Le gouvernement turc a annoncé que l’état d’urgence, qui aura duré deux ans, prendrait fin le 18 juillet 2018, à l’échéance de sa dernière prolongation. Cette bonne nouvelle n’a été que trop attendue.

Cependant, elle doit s’accompagner de certaines mesures d’urgence, sans quoi elle demeurera une décision de façade. L’état d’urgence a servi à consolider les pouvoirs draconiens du gouvernement, à faire taire les critiques et à dépouiller la population de ses droits fondamentaux.

Au cours des deux dernières années, les preuves faisant état de l’escalade des violations des droits humains se sont accumulées : des détentions arbitraires jusqu’aux poursuites abusives, en passant par la suspension de médias et la fermeture définitive d’organisations de la société civile. Bon nombre des mesures prises au titre de l’état d’urgence resteront en vigueur après la levée de celui-ci.

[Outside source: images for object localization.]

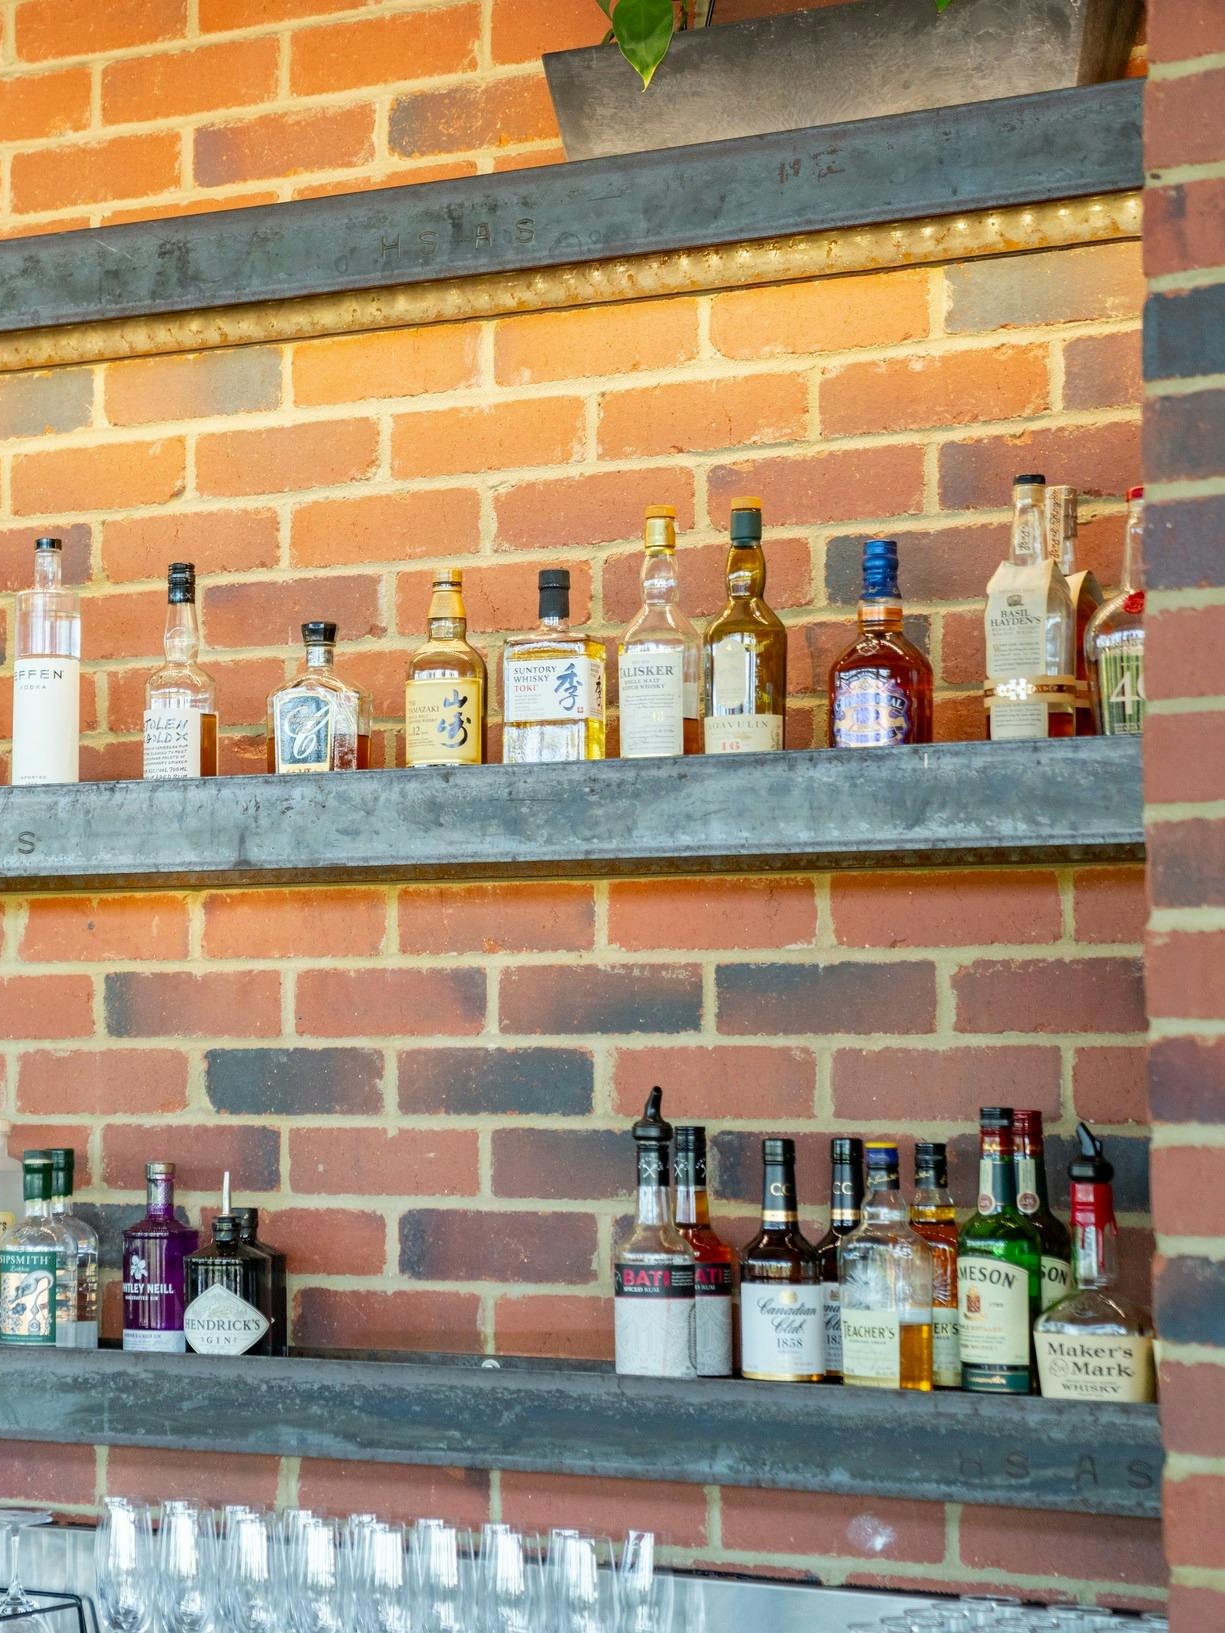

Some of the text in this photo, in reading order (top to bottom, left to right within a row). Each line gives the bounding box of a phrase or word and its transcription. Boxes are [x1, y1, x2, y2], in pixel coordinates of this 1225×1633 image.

[1001, 608, 1030, 618] BASIL
[990, 615, 1041, 627] HAYDEN'S
[514, 665, 558, 675] SUNTORY
[514, 675, 550, 684] WHISKY
[514, 684, 538, 693] TOKI
[0, 1255, 48, 1265] SIPSMITH
[622, 1268, 670, 1287] BATI
[147, 1283, 175, 1294] NEILL
[756, 1297, 817, 1318] Canadian
[184, 1318, 261, 1331] HENDRICK'S
[770, 1317, 805, 1335] Club
[843, 1320, 895, 1340] TEACHER'S
[206, 1336, 232, 1344] GIN
[776, 1338, 804, 1349] 1858
[1048, 1342, 1134, 1359] Maker's
[1071, 1361, 1133, 1378] Mark
[1061, 1383, 1120, 1393] WHISKY

Les deux dernières années ont aussi été marquées par les attaques visant des groupes de la société civile, qui ne faisaient pourtant que mener leurs activités et ont refusé de s’incliner, résistant aux assauts contre les droits humains. Bien que particulièrement menacé-e-s, les défenseur-e-s des droits humains œuvrant en faveur de la liberté d’expression, des droits des lesbiennes, des gays et des personnes bisexuelles, transgenres et intersexuées (LGBTI) ou encore des droits des femmes, ainsi que les syndicalistes, les militant-e-s des droits de l’enfant et les personnes venant en aide aux réfugiés ont continué de soutenir celles et ceux qui étaient les plus touché-e-s par la répression, parfois en prenant de gros risques.

Et maintenant ?

La fin de l’état d’urgence est la première étape indispensable d’un long processus dans lequel le gouvernement doit s’engager s’il entend ramener la Turquie à une situation de normalité. Amnesty International appelle le gouvernement à prendre de toute urgence les cinq mesures ci-dessous afin d’enrayer les pires effets que la répression des droits humains a eus pendant les deux années de l’état d’urgence en Turquie :

  • Annuler toutes les mesures d’urgence qui ne sont manifestement pas proportionnées ni nécessaires pour protéger le pays des menaces visant la sécurité nationale ou publique, ou qui entraînent des restrictions disproportionnées des droits humains ;
  • Libérer sans délai Taner Kılıç et tous les défenseur-e-s des droits humains, journalistes et autres personnes détenu-e-s sans motif réel ;
  • Veiller à ce que la population puisse se réunir et manifester pacifiquement sans crainte, notamment en cessant d’interdire systématiquement les rassemblements LGBTI dans tout le pays ;
  • Ne pas continuer de licencier arbitrairement des employé-e-s du secteur public comme l’y autoriserait le projet de loi examiné au Parlement le 16 juillet 2018 et faire en sorte que tous les fonctionnaires révoqués arbitrairement pendant l’état d’urgence réintègrent leur poste et soient indemnisés comme il se doit de tout préjudice, y compris la perte de revenu. Dans tous les cas où des personnes sont raisonnablement soupçonnées d’une faute professionnelle ou d’une infraction pénale, la décision concernant leur licenciement éventuel ne doit être prise qu’à l’issue d’une procédure disciplinaire en bonne et due forme respectant l’ensemble des garanties de procédure ;
  • Permettre à tous les médias et organisations de défense des droits humains qui ont été fermés arbitrairement de rouvrir leurs portes et leur restituer les biens saisis.

Présentation générale

Instauré après la tentative de coup d’État sanglante du 15 juillet 2016, qui a fait plus de 240 morts, l’état d’urgence a servi à faciliter une répression de grande ampleur des droits humains, au cours de laquelle le gouvernement a pris pour cible des centaines de milliers de personnes. Il est certes légitime et normal que l’État protège la population dans une situation où l’ordre public est bouleversé et veille à ce que les responsables présumés d’infractions pénales soient traduits en justice, mais cela ne le dispense aucunement de respecter ses obligations en matière de droits humains.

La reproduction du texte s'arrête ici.